Work instructions ::
Transcribe the entire listing exactly as it appears.

Provided records ::
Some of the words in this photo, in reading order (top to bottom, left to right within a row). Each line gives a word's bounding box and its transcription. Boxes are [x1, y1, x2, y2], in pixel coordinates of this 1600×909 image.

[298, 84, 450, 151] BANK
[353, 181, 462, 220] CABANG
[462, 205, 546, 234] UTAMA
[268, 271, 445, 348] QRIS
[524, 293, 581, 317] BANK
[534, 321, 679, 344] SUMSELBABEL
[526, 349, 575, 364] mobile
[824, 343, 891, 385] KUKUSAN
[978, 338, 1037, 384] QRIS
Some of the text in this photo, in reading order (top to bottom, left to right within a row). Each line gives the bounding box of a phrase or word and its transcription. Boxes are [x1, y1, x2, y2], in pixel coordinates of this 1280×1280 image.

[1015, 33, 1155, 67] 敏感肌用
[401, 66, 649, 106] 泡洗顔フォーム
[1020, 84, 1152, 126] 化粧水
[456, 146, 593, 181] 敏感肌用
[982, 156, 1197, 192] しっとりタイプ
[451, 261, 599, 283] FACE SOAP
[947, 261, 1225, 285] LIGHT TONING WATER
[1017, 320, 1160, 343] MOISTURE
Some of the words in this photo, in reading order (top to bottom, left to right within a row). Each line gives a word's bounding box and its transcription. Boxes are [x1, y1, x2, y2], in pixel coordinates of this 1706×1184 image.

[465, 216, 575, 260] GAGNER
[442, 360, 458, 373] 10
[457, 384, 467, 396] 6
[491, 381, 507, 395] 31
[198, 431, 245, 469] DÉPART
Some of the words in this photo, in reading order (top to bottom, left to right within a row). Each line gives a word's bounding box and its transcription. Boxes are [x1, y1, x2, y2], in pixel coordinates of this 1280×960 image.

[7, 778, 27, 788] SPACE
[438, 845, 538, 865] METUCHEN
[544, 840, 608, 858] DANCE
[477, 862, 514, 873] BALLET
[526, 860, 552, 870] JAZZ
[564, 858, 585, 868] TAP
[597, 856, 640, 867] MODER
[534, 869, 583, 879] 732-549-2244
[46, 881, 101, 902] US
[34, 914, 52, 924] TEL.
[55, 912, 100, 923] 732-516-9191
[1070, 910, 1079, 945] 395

Output of the task ::
Some of the words in this photo, in reading order (top to bottom, left to right within a row). Each line gives a word's bounding box and its transcription. Boxes are [x1, y1, x2, y2], in pixel coordinates of this 1600×909 image.

[298, 84, 450, 151] BANK
[353, 181, 462, 220] CABANG
[462, 205, 546, 234] UTAMA
[268, 271, 445, 348] QRIS
[524, 293, 581, 317] BANK
[534, 321, 679, 344] SUMSELBABEL
[526, 349, 575, 364] mobile
[824, 343, 891, 385] KUKUSAN
[978, 338, 1037, 384] QRIS
Some of the text in this photo, in reading order (top to bottom, left to right within a row). Each line gives the bounding box of a phrase or word and its transcription. Boxes are [x1, y1, x2, y2], in pixel coordinates of this 1280×1280 image.

[1015, 33, 1155, 67] 敏感肌用
[401, 66, 649, 106] 泡洗顔フォーム
[1020, 84, 1152, 126] 化粧水
[456, 146, 593, 181] 敏感肌用
[982, 156, 1197, 192] しっとりタイプ
[451, 261, 599, 283] FACE SOAP
[947, 261, 1225, 285] LIGHT TONING WATER
[1017, 320, 1160, 343] MOISTURE
Some of the words in this photo, in reading order (top to bottom, left to right within a row). Each line gives a word's bounding box and its transcription. Boxes are [x1, y1, x2, y2], in pixel coordinates of this 1706×1184 image.

[465, 216, 575, 260] GAGNER
[442, 360, 458, 373] 10
[457, 384, 467, 396] 6
[491, 381, 507, 395] 31
[198, 431, 245, 469] DÉPART
Some of the words in this photo, in reading order (top to bottom, left to right within a row). Each line gives a word's bounding box and its transcription. Boxes are [x1, y1, x2, y2], in pixel coordinates of this 1280×960 image.

[7, 778, 27, 788] SPACE
[438, 845, 538, 865] METUCHEN
[544, 840, 608, 858] DANCE
[477, 862, 514, 873] BALLET
[526, 860, 552, 870] JAZZ
[564, 858, 585, 868] TAP
[597, 856, 640, 867] MODER
[534, 869, 583, 879] 732-549-2244
[46, 881, 101, 902] US
[34, 914, 52, 924] TEL.
[55, 912, 100, 923] 732-516-9191
[1070, 910, 1079, 945] 395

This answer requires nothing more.